*TASK PROMPT:* Your answer must be the data repeated exactly, with no pictures in it.

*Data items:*
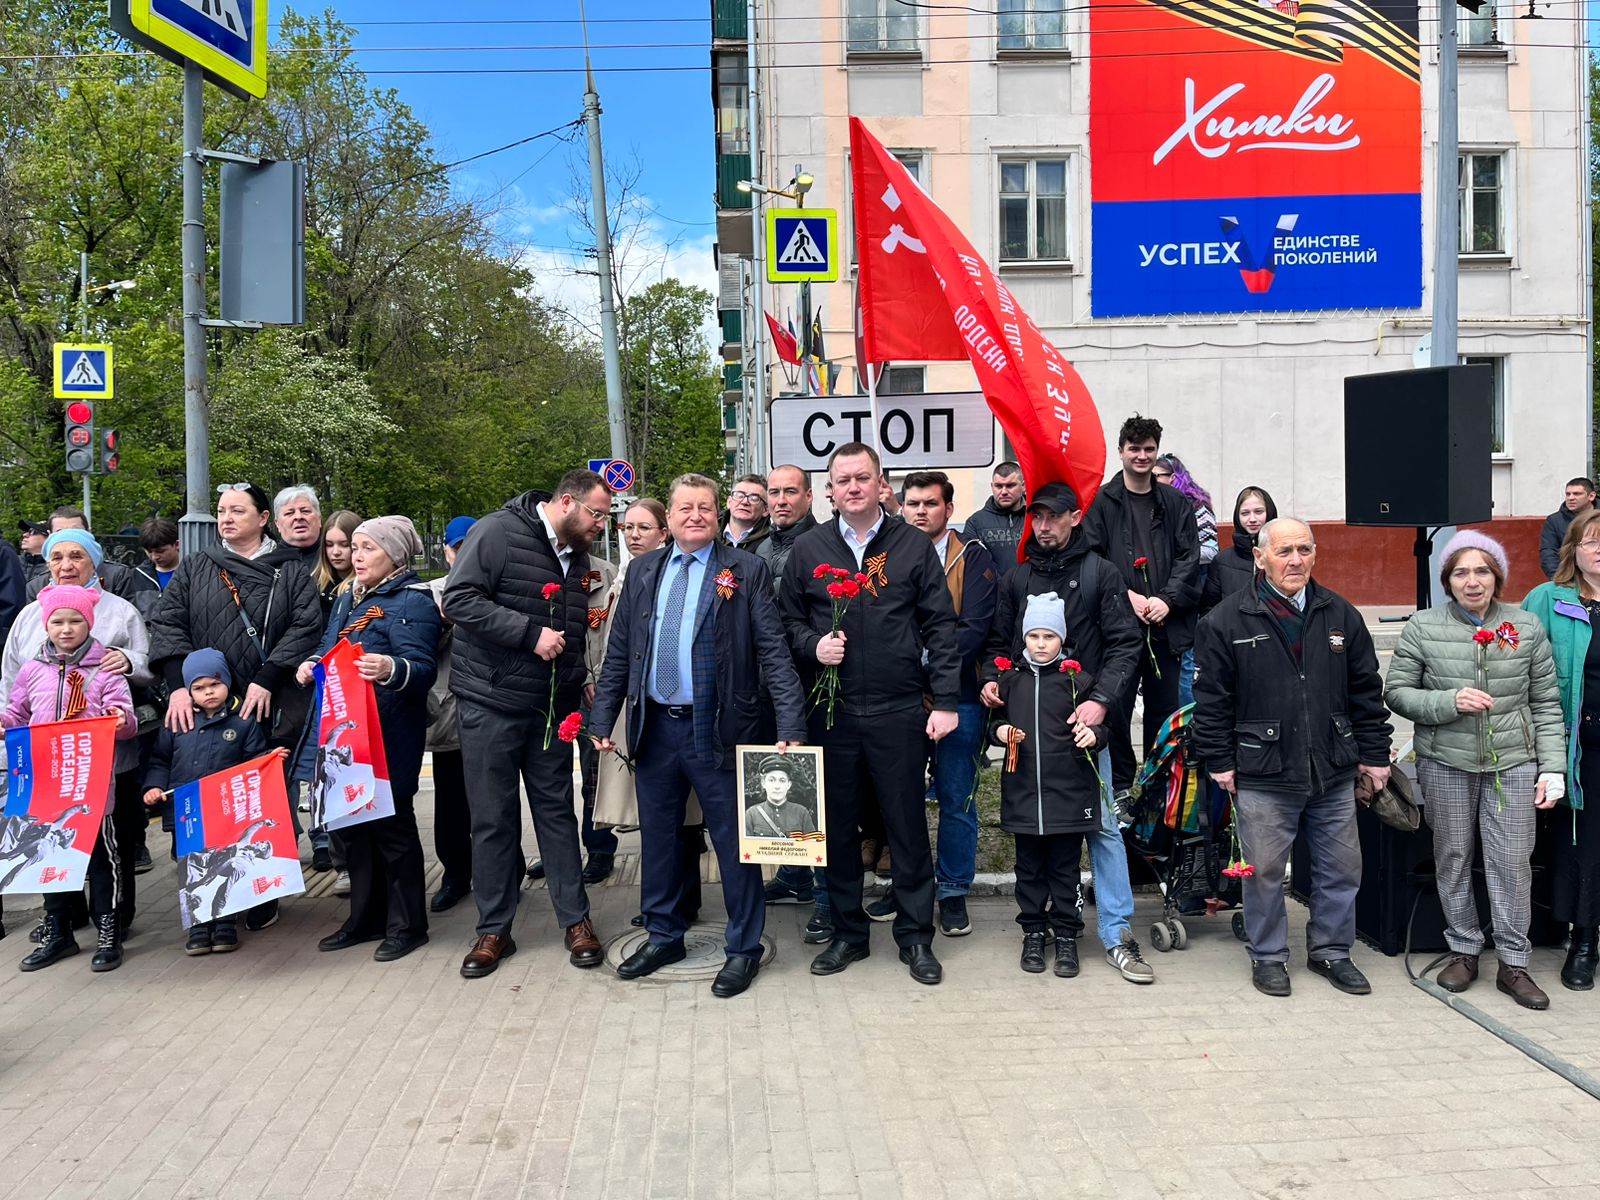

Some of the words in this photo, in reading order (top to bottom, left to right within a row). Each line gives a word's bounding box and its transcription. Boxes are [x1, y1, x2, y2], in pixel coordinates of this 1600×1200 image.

[1153, 73, 1358, 166] Химки
[1138, 241, 1242, 267] УСПЕХ
[1273, 235, 1360, 251] ЕДИНСТВЕ
[1273, 248, 1377, 265] ПОКОЛЕНИЙ
[802, 408, 954, 457] СТОП
[326, 658, 347, 721] РДИМСЯ
[59, 732, 75, 798] ПОБЕДОЙ!
[72, 731, 92, 802] ГОРДИМСЯ
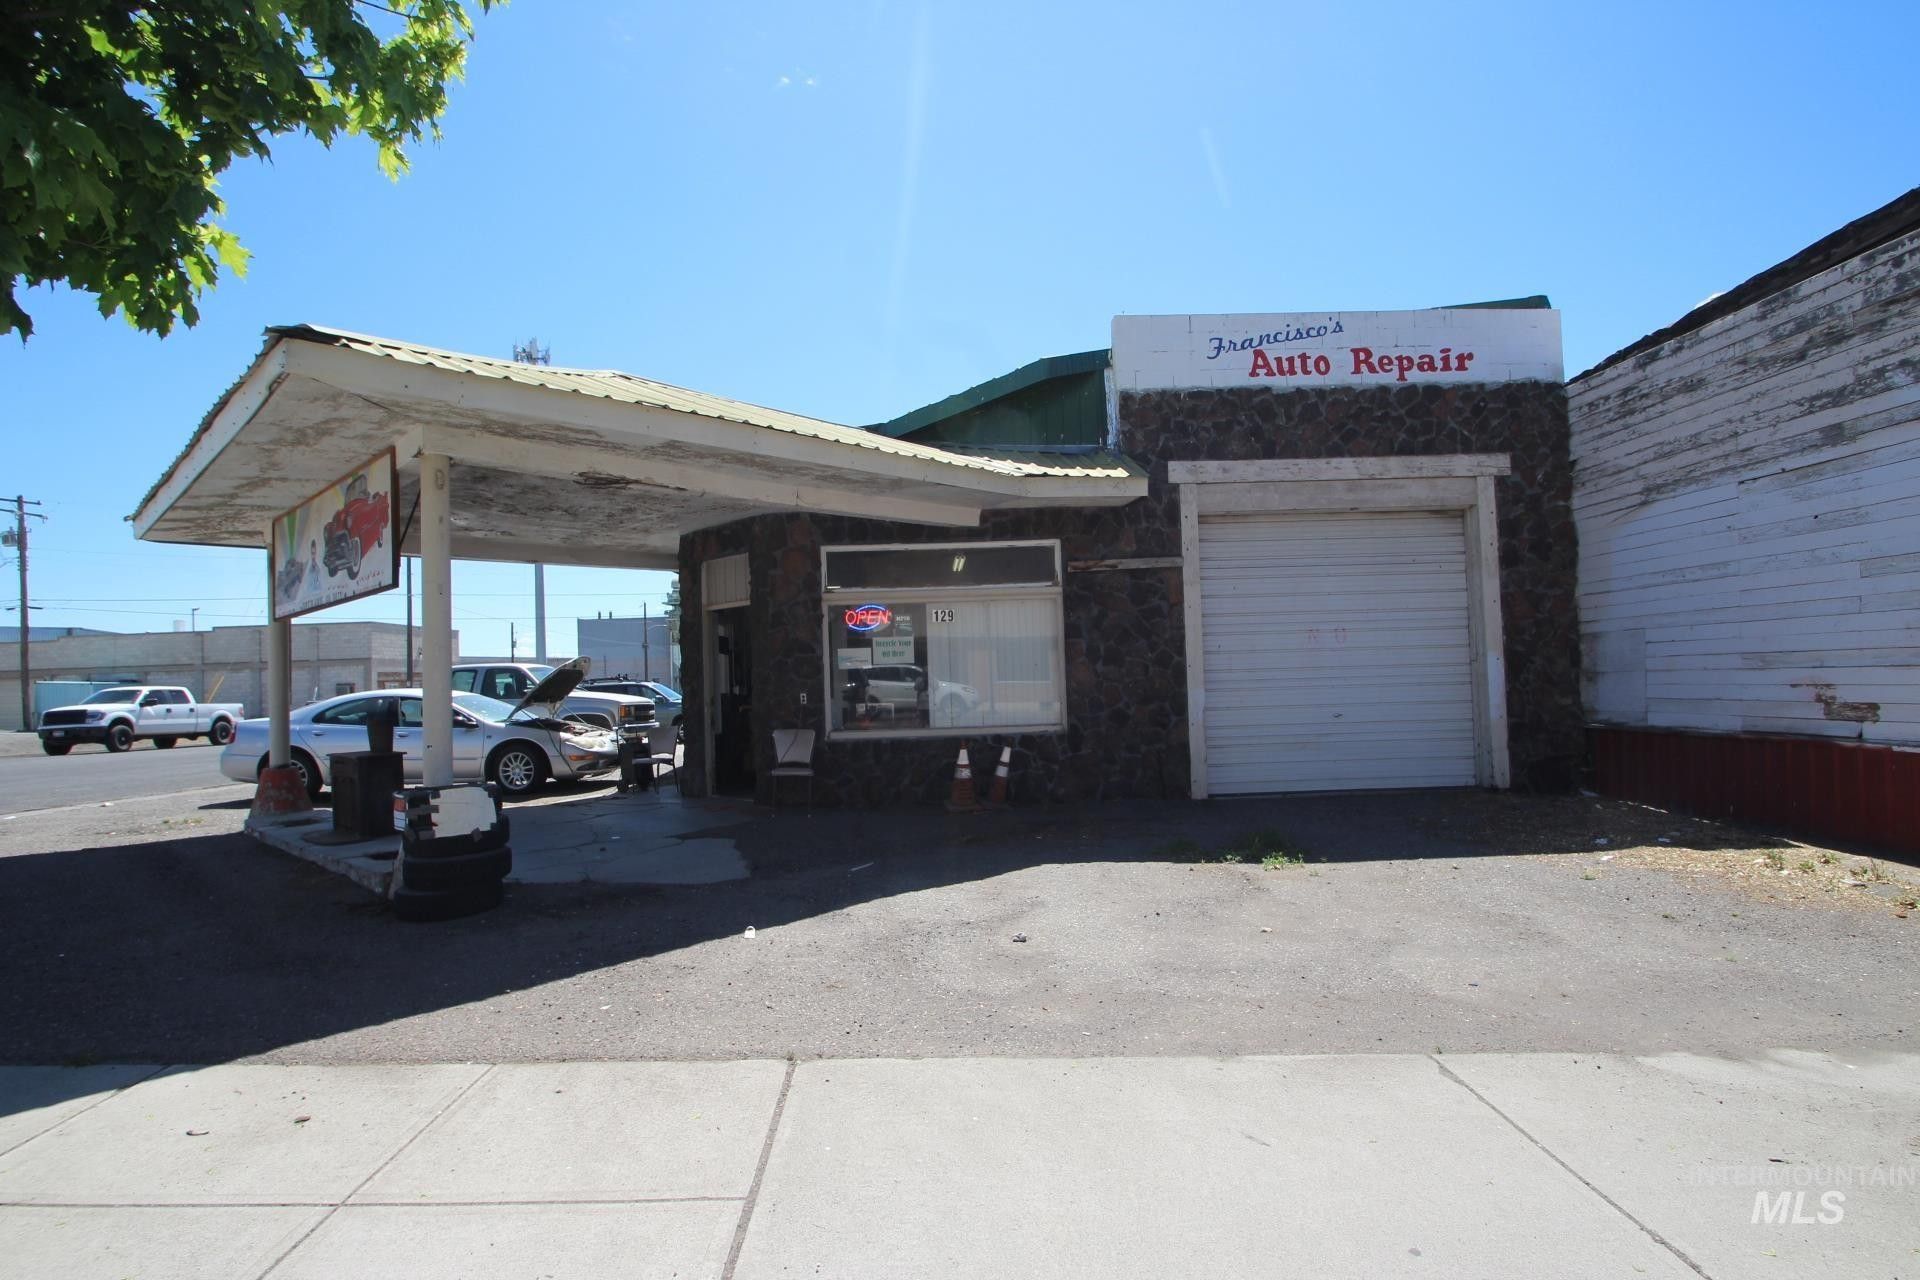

*OUTPUT FOR THIS TASK:*
Some of the words in this photo, in reading order (top to bottom, left to right within a row). Each line gives a word's bounding box and its transcription. Boxes are [x1, y1, x2, y2], in pixel coordinates of this 1600×1200 image.

[1153, 73, 1358, 166] Химки
[1138, 241, 1242, 267] УСПЕХ
[1273, 235, 1360, 251] ЕДИНСТВЕ
[1273, 248, 1377, 265] ПОКОЛЕНИЙ
[802, 408, 954, 457] СТОП
[326, 658, 347, 721] РДИМСЯ
[59, 732, 75, 798] ПОБЕДОЙ!
[72, 731, 92, 802] ГОРДИМСЯ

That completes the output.